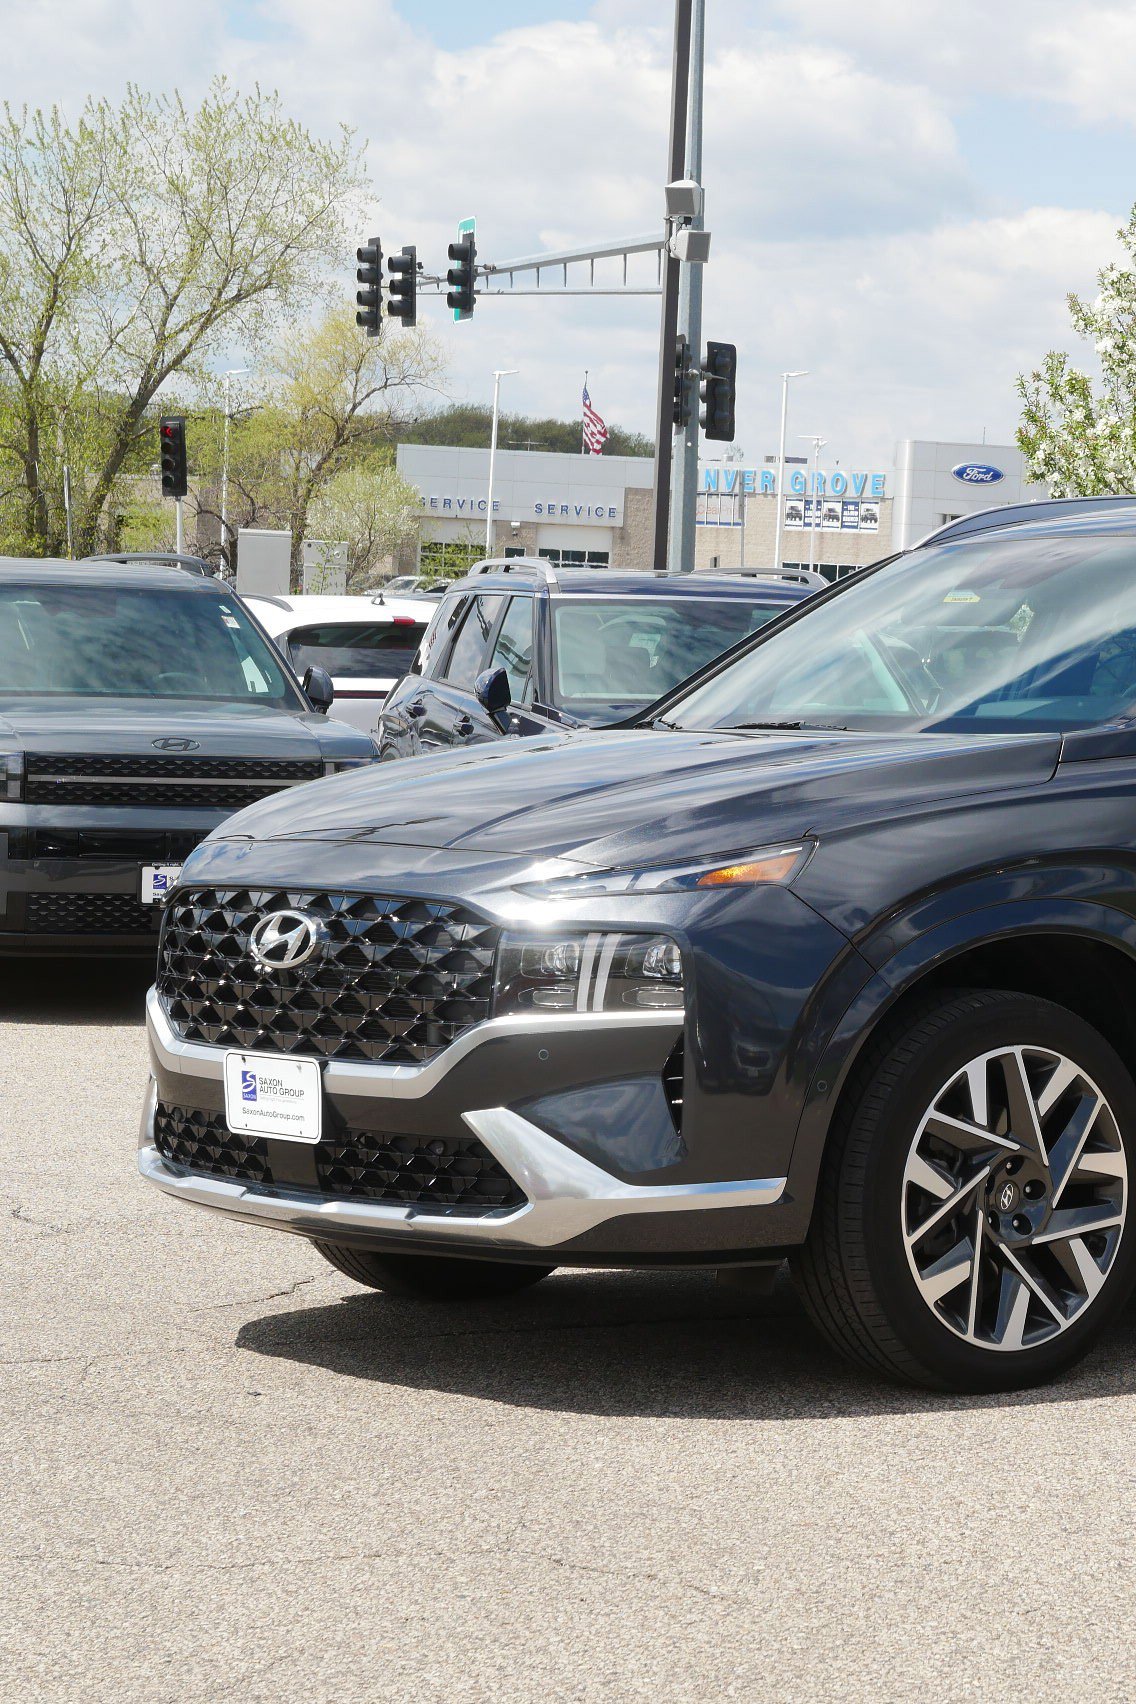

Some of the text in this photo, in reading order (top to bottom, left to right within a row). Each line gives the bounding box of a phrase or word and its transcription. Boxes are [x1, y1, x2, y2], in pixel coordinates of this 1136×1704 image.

[963, 467, 993, 480] Ford
[703, 468, 885, 497] NVER GROVE
[419, 497, 500, 511] SERVICE
[534, 503, 617, 518] SERVICE
[258, 1077, 283, 1087] SAXON
[259, 1086, 305, 1097] AUTO GROUP
[242, 1107, 305, 1121] SaxonAutoGroup.com
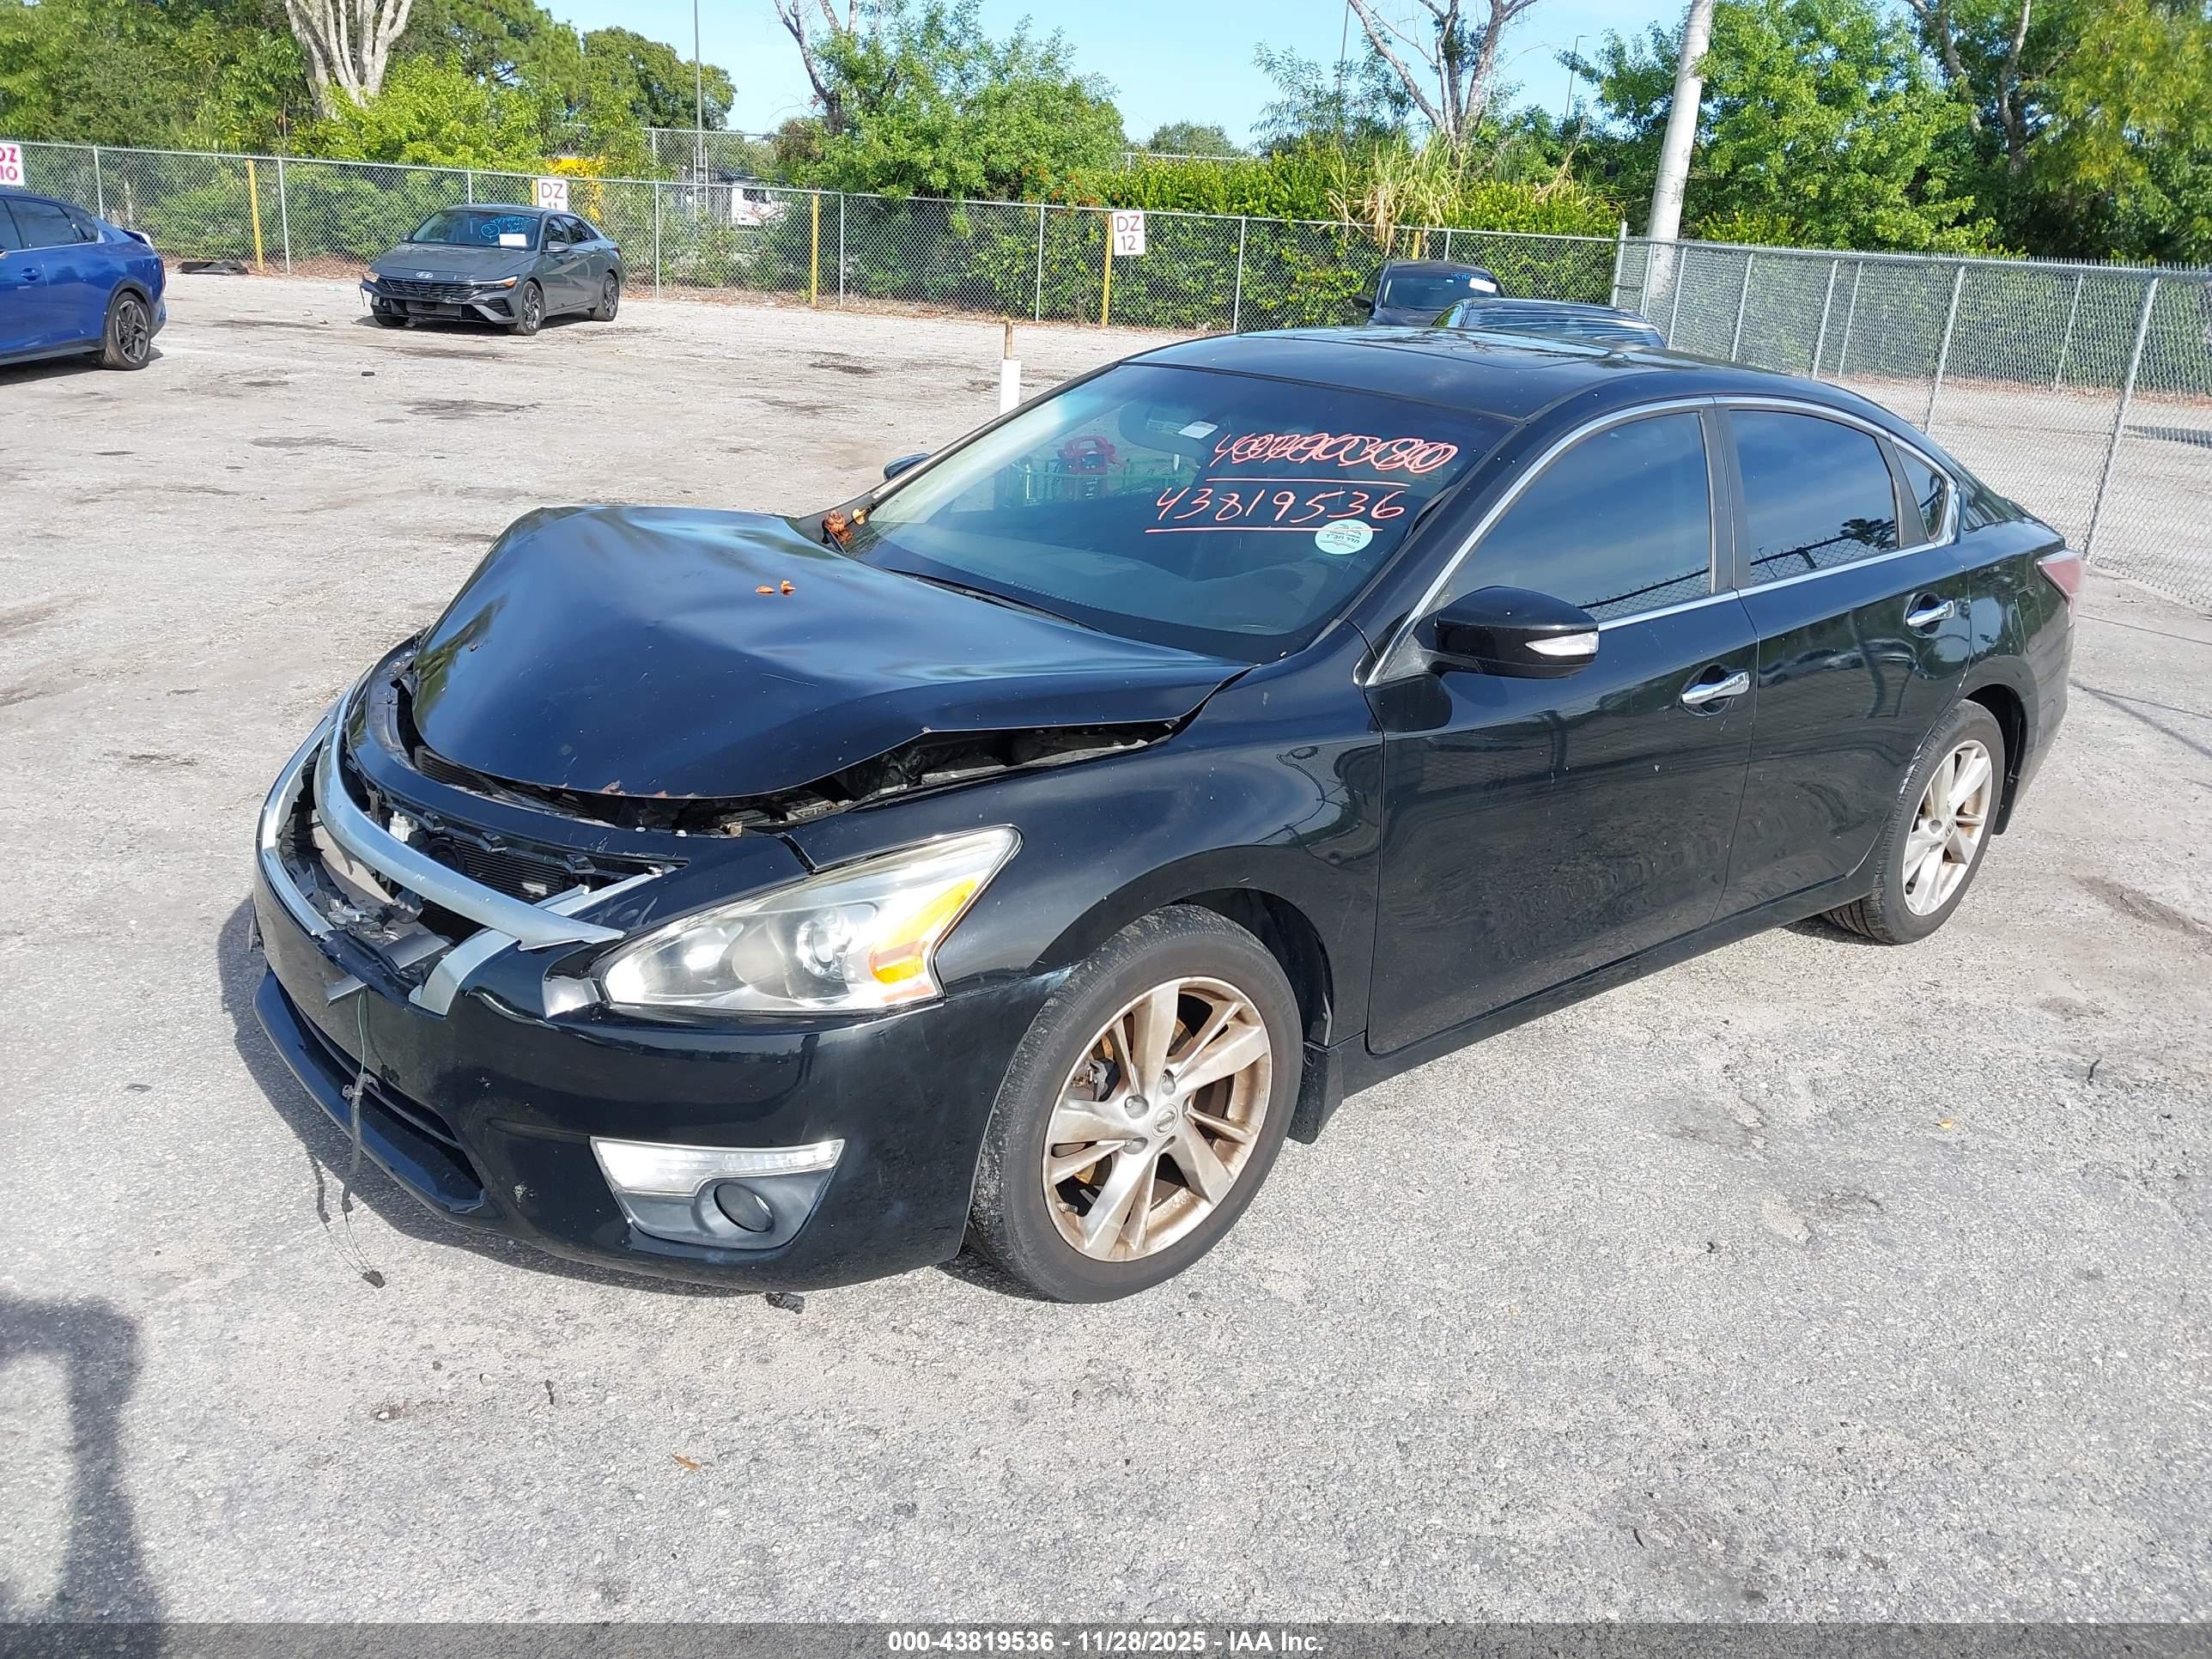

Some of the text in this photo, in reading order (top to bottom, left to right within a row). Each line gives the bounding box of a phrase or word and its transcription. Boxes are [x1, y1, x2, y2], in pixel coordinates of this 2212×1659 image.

- PROMPT -
Transcribe the material exactly, leaving every picture out.

- EXPECTED ANSWER -
Some of the text in this photo, in reading order (top to bottom, left to right within a row). Each line gives the bounding box of a phrase or word and its transcription. Boxes are [x1, y1, x2, y2], in pixel coordinates of this 1136×1704 image.

[963, 467, 993, 480] Ford
[703, 468, 885, 497] NVER GROVE
[419, 497, 500, 511] SERVICE
[534, 503, 617, 518] SERVICE
[258, 1077, 283, 1087] SAXON
[259, 1086, 305, 1097] AUTO GROUP
[242, 1107, 305, 1121] SaxonAutoGroup.com

Some of the text in this photo, in reading order (top to bottom, left to right within a row). Each line gives the bounding box of a phrase or word and its transcription. Boxes are [x1, y1, x2, y2], in pixel coordinates of this 2212×1659 image.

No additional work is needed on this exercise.